[Opening RECORDS FOR THE TASK section]

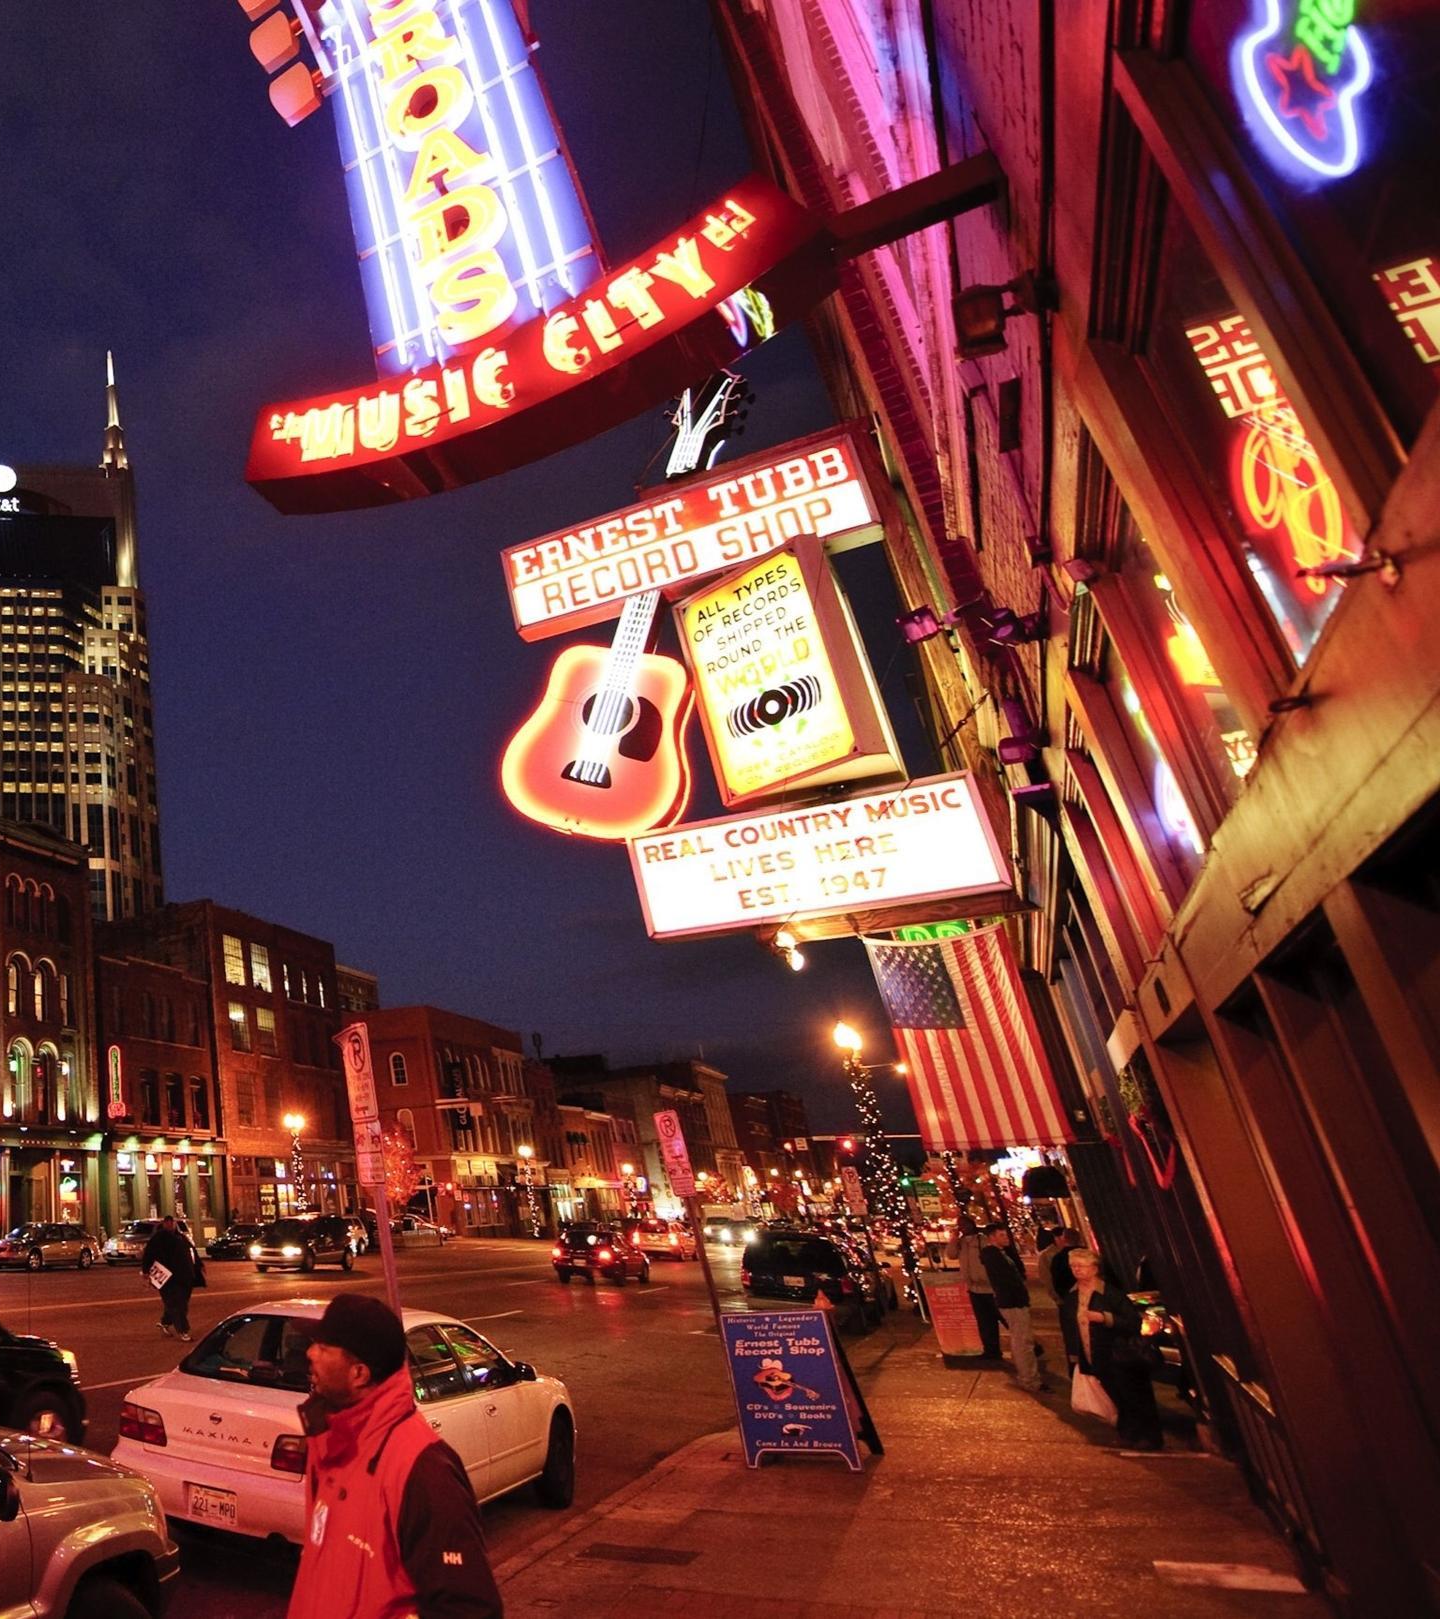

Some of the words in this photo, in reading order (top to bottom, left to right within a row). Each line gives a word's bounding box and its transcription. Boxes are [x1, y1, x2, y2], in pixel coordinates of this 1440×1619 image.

[366, 0, 518, 345] ROADS
[300, 347, 515, 462] MUSIC
[543, 236, 717, 374] CITY
[510, 498, 684, 585] ERNEST
[707, 446, 850, 514] TUBB
[541, 539, 698, 614] RECORD
[716, 496, 833, 562] SHOP
[693, 623, 713, 642] OF
[722, 577, 801, 625] RECORDS
[696, 600, 725, 622] ALL
[733, 564, 788, 601] TYPES
[706, 639, 762, 674] ROUND
[773, 615, 808, 640] THE
[716, 606, 787, 650] SHIPPED
[715, 636, 810, 695] WORLD
[643, 833, 716, 864] REAL
[724, 807, 852, 848] COUNTRY
[863, 787, 963, 825] MUSIC
[711, 850, 796, 883] LIVES
[817, 833, 899, 866] HERE
[738, 881, 800, 911] EST.
[820, 867, 888, 897] 1947
[734, 1346, 783, 1356] Record
[789, 1346, 825, 1356] Shop
[735, 1339, 780, 1348] Ernest
[785, 1337, 820, 1347] Tubb
[784, 1403, 837, 1411] Souvenirs
[799, 1412, 832, 1420] Books
[182, 1426, 252, 1445] MAXIMA
[443, 1551, 463, 1565] HH

[Closing RECORDS FOR THE TASK section]

Would you restate the listing word for word without its pictures?

Some of the words in this photo, in reading order (top to bottom, left to right within a row). Each line gives a word's bounding box and its transcription. Boxes are [x1, y1, x2, y2], in pixel coordinates of this 1440×1619 image.

[366, 0, 518, 345] ROADS
[300, 347, 515, 462] MUSIC
[543, 236, 717, 374] CITY
[510, 498, 684, 585] ERNEST
[707, 446, 850, 514] TUBB
[541, 539, 698, 614] RECORD
[716, 496, 833, 562] SHOP
[693, 623, 713, 642] OF
[722, 577, 801, 625] RECORDS
[696, 600, 725, 622] ALL
[733, 564, 788, 601] TYPES
[706, 639, 762, 674] ROUND
[773, 615, 808, 640] THE
[716, 606, 787, 650] SHIPPED
[715, 636, 810, 695] WORLD
[643, 833, 716, 864] REAL
[724, 807, 852, 848] COUNTRY
[863, 787, 963, 825] MUSIC
[711, 850, 796, 883] LIVES
[817, 833, 899, 866] HERE
[738, 881, 800, 911] EST.
[820, 867, 888, 897] 1947
[734, 1346, 783, 1356] Record
[789, 1346, 825, 1356] Shop
[735, 1339, 780, 1348] Ernest
[785, 1337, 820, 1347] Tubb
[784, 1403, 837, 1411] Souvenirs
[799, 1412, 832, 1420] Books
[182, 1426, 252, 1445] MAXIMA
[443, 1551, 463, 1565] HH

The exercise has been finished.